Flux Factory has transformed itself over the course of eighteen years. We’ve changed from an informal living collective to a formal collective that organized cultural “stuff,” to an art-making collective that is also a 501c3 organization, to an international art-making nonprofit and competitive residency program that commissions collaborative projects.

In an alternative art space that operates on a shoestring budget, the successes and failures, the innovations and stagnations, the compatibilities and incongruencies take on epic proportions and affect every level of our organization and individual in our collective. When demands outnumber resources, how can we function as a nimble and fluid artist collective that requires consensus-based decision making while also meeting the regulations of our nonprofit structure? As we struggle to answer this question, we realize we’ve drifted into the outermost fringes of institutionalization.

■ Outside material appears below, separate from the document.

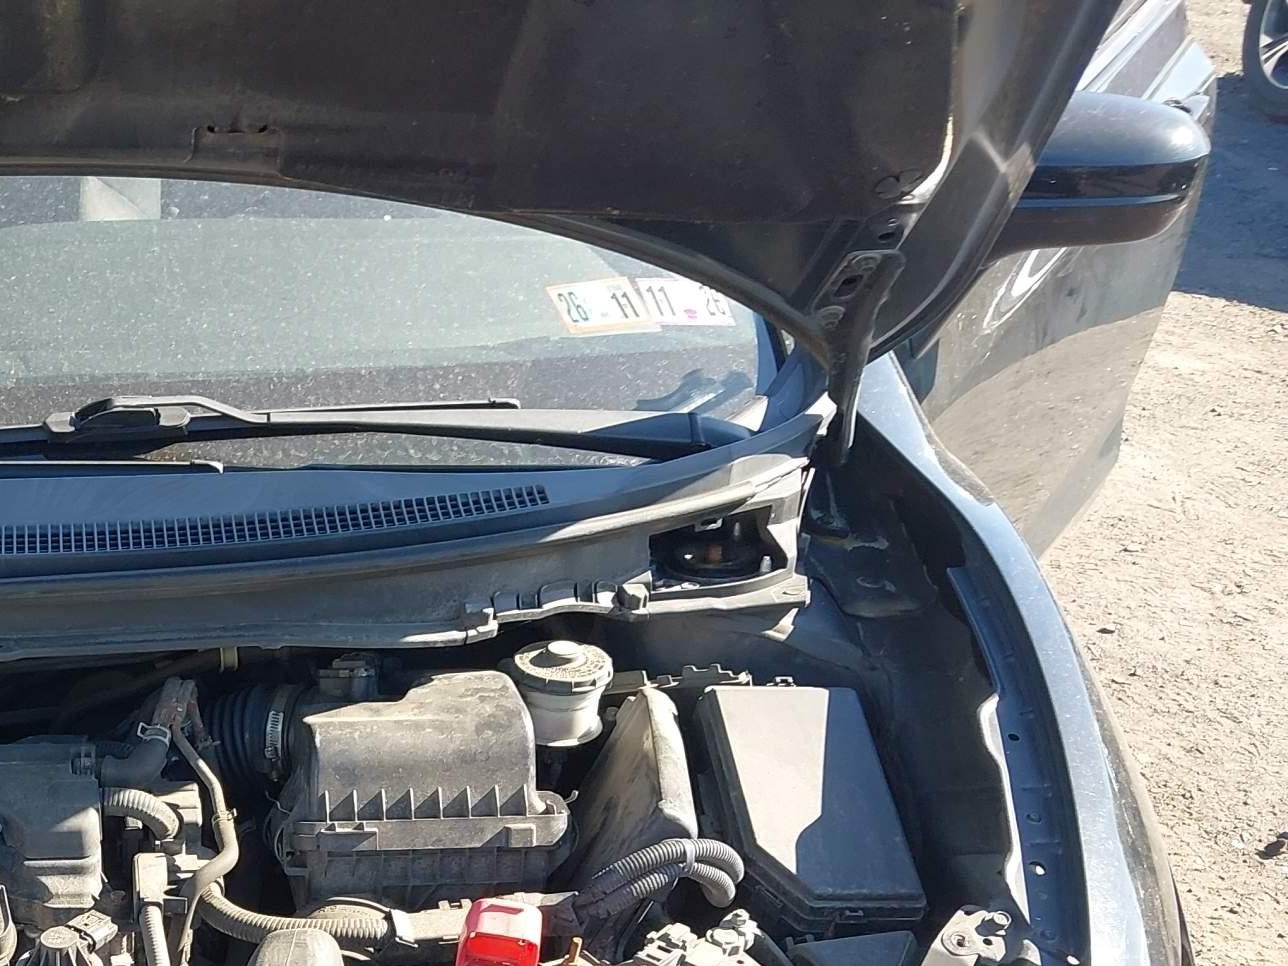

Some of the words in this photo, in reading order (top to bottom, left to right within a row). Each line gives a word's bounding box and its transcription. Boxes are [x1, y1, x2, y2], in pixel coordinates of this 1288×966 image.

For us, Public Trust begins in this state of self-reflection. Inspired by resistance movements and the history of institutional critique, we wanted to investigate the role of money in public organizations, bureaucratic mechanisms, institutionally cultivated sensibilities, and where, exactly, trust falls within this spectrum of questioning. At a moment when accountability motivates so many of our demands, we wanted to organize an exhibition that would hold our own feet to the fire, as curators and as managers of an organization that both requires and serves the public’s trust.

We’ve commissioned artists to critique, celebrate, augment, and intervene in the institutions that generate, package, and deliver culture in New York City. The works included in Public Trust examine intentional and unintentional institutions: museums, NYC’s infinite network of street vendors, sports, banks, political party conventions, libraries, our neighborhood, and of course, ourselves.